Garrett Jin memindahkan 11.000 BTC senilai $760 juta ke Binance saat pasar bereaksi terhadap rencana tarif global baru Trump sebesar 10%.
Sebuah transfer Bitcoin besar dari trader paus Garrett Jin menarik perhatian baru setelah dia memindahkan 11.000 BTC melalui beberapa transaksi.
Aktivitas tersebut menyelesaikan total 760 juta USD yang dikirim ke Binance saat pasar bereaksi terhadap rencana tarif baru yang diumumkan oleh Donald Trump.
Catatan blockchain menunjukkan bahwa Jin memindahkan 6.318 BTC senilai sekitar 425 juta USD ke Binance dalam satu transaksi.
Beberapa jam kemudian, dia mentransfer sekitar 336 juta USD dalam bentuk BTC, yang membawa total gabungan menjadi 760 juta USD yang dipindahkan ke bursa.
Lookonchain melaporkan transaksi tersebut sebagai bagian dari pola aktivitas berkelanjutan dari dompet yang terkait dengan Jin.
Sial!
Garrett Jin(#BitcoinOG1011short) menyetor 11.318 $BTC ($760,6M) ke #Binance.
Tapi sepertinya dia tidak langsung menjualnya di pasar.
Bisa jadi itu transaksi OTC — atau dia mungkin hanya menyimpannya di Binance.https://t.co/LyveMqUKoj pic.twitter.com/wJeMmImETS
— Lookonchain (@lookonchain) 21 Februari 2026
Pergerakan ini terjadi selama periode aliran masuk yang meningkat ke bursa utama.
Beberapa trader besar juga mentransfer aset dalam jendela waktu yang sama, dan para peneliti mengatakan bahwa waktu tersebut menunjukkan kemungkinan reposisi terkoordinasi di beberapa dompet paus.
Analis terus memantau pola ini karena pola serupa pernah muncul selama periode tekanan pasar sebelumnya.
Jin menjadi terkenal setelah mengambil posisi short yang sejalan dengan penurunan tajam Bitcoin setelah berita tarif pada Oktober 2025.
Analis pasar mengatakan bahwa sejarah ini menambah fokus pada transaksi terakhirnya, dan mereka sedang meninjau apakah langkah serupa sedang berlangsung.
Analis menawarkan beberapa penjelasan kemungkinan untuk transfer tersebut.
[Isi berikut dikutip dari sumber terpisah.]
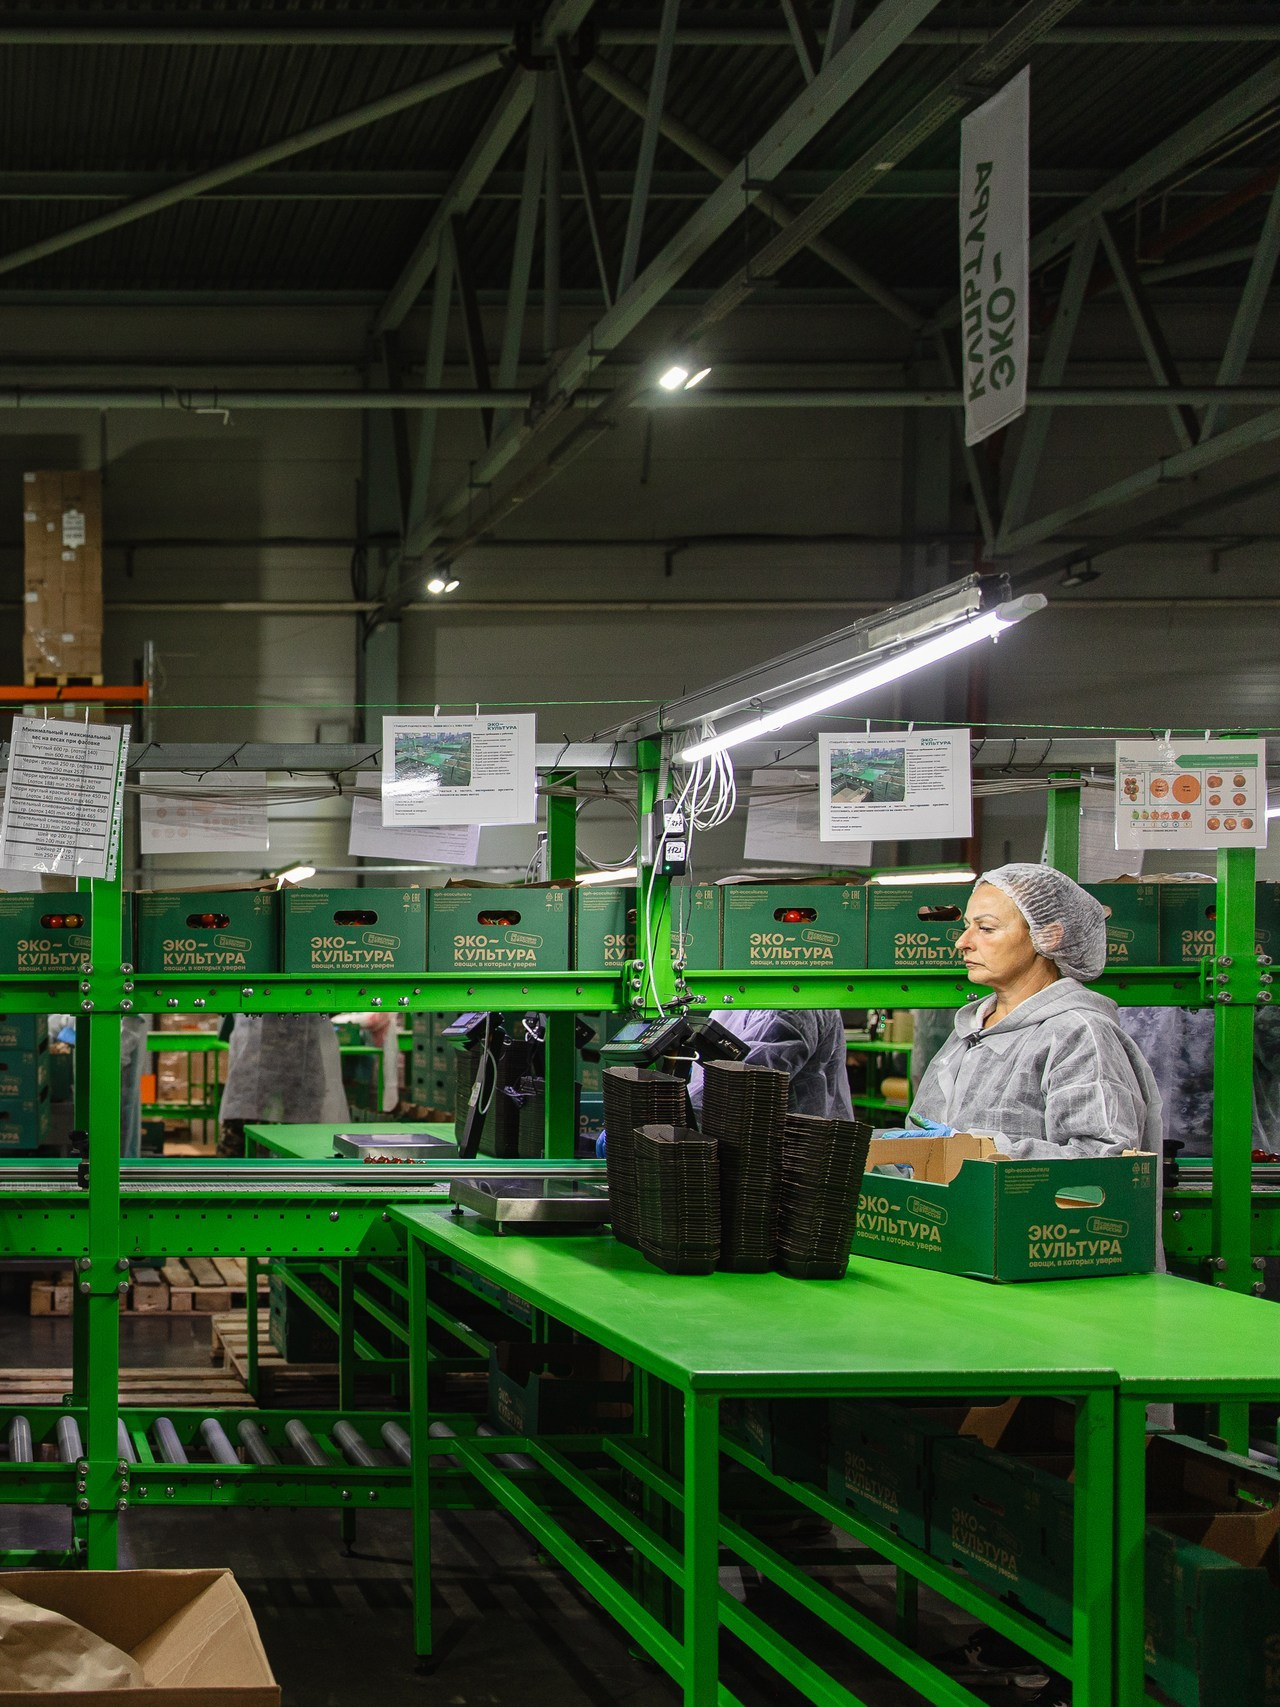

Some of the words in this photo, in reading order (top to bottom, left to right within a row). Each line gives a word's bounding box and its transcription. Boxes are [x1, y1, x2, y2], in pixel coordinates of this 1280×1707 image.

Salah satu alasannya bisa jadi persiapan untuk menjual.
Beberapa trader memindahkan dana ke bursa sebelum mengurangi eksposur, dan jumlah yang dipindahkan cukup besar untuk menarik perhatian pasar.
Transaksi tersebut terjadi saat ketidakpastian meningkat, sehingga analis mengatakan bahwa waktu pelaksanaannya patut diperhatikan.
Alasan lain yang mungkin adalah penggunaan jaminan untuk derivatif. Trader sering memindahkan Bitcoin ke bursa saat mempersiapkan perdagangan futures atau opsi.
Aktivitas ini cenderung meningkat saat ekspektasi volatilitas meningkat, dan pengumuman tarif telah menciptakan ekspektasi tersebut di seluruh pasar global.
Beberapa trader juga menggunakan bursa sebagai bagian dari proses penyelesaian over-the-counter. Transfer ini mungkin muncul di blockchain sebagai aliran masuk tetapi tidak selalu melibatkan penjualan di pasar spot.
Para peneliti mengatakan bahwa metode ini umum dilakukan oleh paus yang lebih memilih penyelesaian terstruktur daripada eksekusi di pasar terbuka.
Baca Juga: Mahkamah Agung Teriak Tarif Trump: Apakah Gelombang Bitcoin dan Kripto Akan Datang?
Pasar kripto merespons rencana tarif baru Trump. Dia menyatakan bahwa Amerika Serikat akan memberlakukan tarif global sebesar 10% selama lima bulan.
Pengumuman tersebut datang setelah Mahkamah Agung membatalkan langkah tarif sebelumnya, dan menambah ketidakpastian di pasar.
Peristiwa tarif sebelumnya pada Oktober 2025 memicu reaksi keras di pasar Bitcoin.
Trader sedang meninjau periode tersebut saat mereka bersiap menghadapi kemungkinan perubahan perilaku perdagangan.
Beberapa analis mengatakan bahwa reaksi masa lalu membuat aktivitas paus saat ini menjadi lebih penting untuk diamati.
Senator Elizabeth Warren mengajukan pertanyaan tentang pengembalian dana yang dikumpulkan di bawah program tarif sebelumnya.
Komentarnya menambah perhatian lebih pada diskusi ekonomi. Pengamat pasar mengharapkan trader memantau baik pembaruan kebijakan maupun pergerakan paus seiring perkembangan situasi.